Plus, there’s a playfulness that just naturally tempers Zack’s honesty. One time Greinke saw the lovable backup catcher Brayan Peña eating ice cream. I can tell you there isn’t a soul who doesn’t just love Brayan Peña.
“You want to know why you’re not an everyday catcher?” Greinke said, and Peña settled in to get some advice from the master about his catching technique.
“Because you eat too much ice cream,” Greinke said. Peña didn’t know what to do except get up and give Zack a big old hug. He would say that from that point on, whatever city they went to, Greinke would get Peña the best ice cream in town.
Everybody loves the handwashing story. But here’s something you might not know — it happened TWICE. The first time, I believe, it was 2014, a week before the end of the season, and the Dodgers were having a serious meeting about getting ready for the playoffs. Manager Don Mattingly was going over how important it was for them to raise their energy level, raise their focus, they were coming off a loss in the NLCS and this time they needed to go all the way. And then Mattingly said, “OK, does anybody have anything else to say?”
And Greinke says, “Yeah. After you guys are done using the bathroom, wash your hands. It’s really gross.”
The next spring training, the Dodgers were having a tense meeting — there had been a couple of fights between teammates, and everyone was trying to figure out how to come together. And so there was another team meeting to clear the air, and once again Mattingly asked if anyone else had anything to say.
And Greinke says: “Yeah. After you guys are done using the bathroom, wash your hands. It’s really gross.”
“Somehow,” one player in the clubhouse that day said, “everybody knew he was going to say it again and also nobody knew he was going to say it. That’s Greinke.”
OK, let’s finish this off with my favorite Greinke story. This one falls under the genre of “Bizarrely Arrogant Zack” stories (BAZ). This is a guy, after all, who on Players Weekends — when everybody takes on a goofy nickname to put on the back of their jerseys — uses the nickname “Greinke.”
I’d guess every Greinke teammate has a BAZ story. Greinke probably has told every pitcher at one point or another, “I could definitely take you deep.” He once walked up to All-Star catcher Jonathan Lucroy and said, "If I wanted, I could probably be a better catcher than you.”
Anyway, the story comes from 2007, the year Alex Gordon was a rookie. The Royals through the years have had numerous mega-hyped rookies — from Clint Hurdle to Johnny Damon to Bobby Witt Jr. to Greinke himself — but Gordon might have been the most hyped of them all. He was the first player to win Baseball America’s “Amateur Player of the Year” and “Minor League Player of the Year” in back-to-back seasons. He grew up in a family that idolized George Brett (his brother was named Brett) and Alex had clearly patterned his swing after Brett’s.
Kansas City invested ALL of its hope in this one guy.

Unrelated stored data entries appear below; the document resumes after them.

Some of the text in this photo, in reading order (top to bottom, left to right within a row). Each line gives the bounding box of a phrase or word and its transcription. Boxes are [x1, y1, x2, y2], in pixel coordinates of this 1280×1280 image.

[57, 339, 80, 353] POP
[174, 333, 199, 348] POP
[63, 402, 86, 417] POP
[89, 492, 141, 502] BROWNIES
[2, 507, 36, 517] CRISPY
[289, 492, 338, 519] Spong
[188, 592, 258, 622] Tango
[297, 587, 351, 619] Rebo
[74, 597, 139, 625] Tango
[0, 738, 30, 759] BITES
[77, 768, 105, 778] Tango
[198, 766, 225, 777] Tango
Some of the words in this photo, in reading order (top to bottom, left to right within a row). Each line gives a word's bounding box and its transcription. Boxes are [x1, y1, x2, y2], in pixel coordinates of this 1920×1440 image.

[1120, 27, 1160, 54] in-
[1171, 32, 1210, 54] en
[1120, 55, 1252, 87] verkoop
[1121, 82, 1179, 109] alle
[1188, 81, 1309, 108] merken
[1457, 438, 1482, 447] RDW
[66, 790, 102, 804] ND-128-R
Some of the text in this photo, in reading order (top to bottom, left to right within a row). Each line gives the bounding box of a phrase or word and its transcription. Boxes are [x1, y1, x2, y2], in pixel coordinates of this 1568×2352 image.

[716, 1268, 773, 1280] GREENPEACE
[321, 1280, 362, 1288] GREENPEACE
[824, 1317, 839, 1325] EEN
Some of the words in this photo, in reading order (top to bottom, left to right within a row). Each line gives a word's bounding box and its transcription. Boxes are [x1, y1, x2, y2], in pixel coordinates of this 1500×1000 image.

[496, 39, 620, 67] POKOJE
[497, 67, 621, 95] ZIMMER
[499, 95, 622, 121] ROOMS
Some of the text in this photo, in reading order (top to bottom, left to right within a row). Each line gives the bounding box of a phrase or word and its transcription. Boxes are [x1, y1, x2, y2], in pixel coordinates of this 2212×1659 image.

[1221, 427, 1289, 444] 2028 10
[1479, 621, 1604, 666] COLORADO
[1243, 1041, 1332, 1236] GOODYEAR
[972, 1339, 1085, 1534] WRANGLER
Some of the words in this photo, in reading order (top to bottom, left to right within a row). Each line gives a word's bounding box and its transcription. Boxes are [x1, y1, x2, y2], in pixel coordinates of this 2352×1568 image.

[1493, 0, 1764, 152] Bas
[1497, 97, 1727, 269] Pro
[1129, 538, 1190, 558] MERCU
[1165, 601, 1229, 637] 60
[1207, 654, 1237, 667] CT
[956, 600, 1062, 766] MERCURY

And Gordon clearly felt it. He was hitting .185 at the end of May. He had 48 strikeouts in 47 starts along with three home runs. It was pretty bad. And then one day, Greinke walks over to Gordon and says, “Follow me.”
You have to understand that for all the goofiness, the aloofness, the arrogance, Zack Greinke understands baseball, and particularly hitting, on a spectacularly high level. It’s like Greinke, Greg Maddux, Tony Gwynn and Charley Lau on a mountaintop. So Gordon was legitimately excited that Greinke would offer him some way to get out of the worst slump of his life.
Greinke takes Gordon into the video room. And there, he has cued up — a video of Greinke hitting his first big-league home run against Arizona. They both watch the home run, and then there was a couple of seconds of silence.
“Do more of that,” Greinke said, and the meeting was over.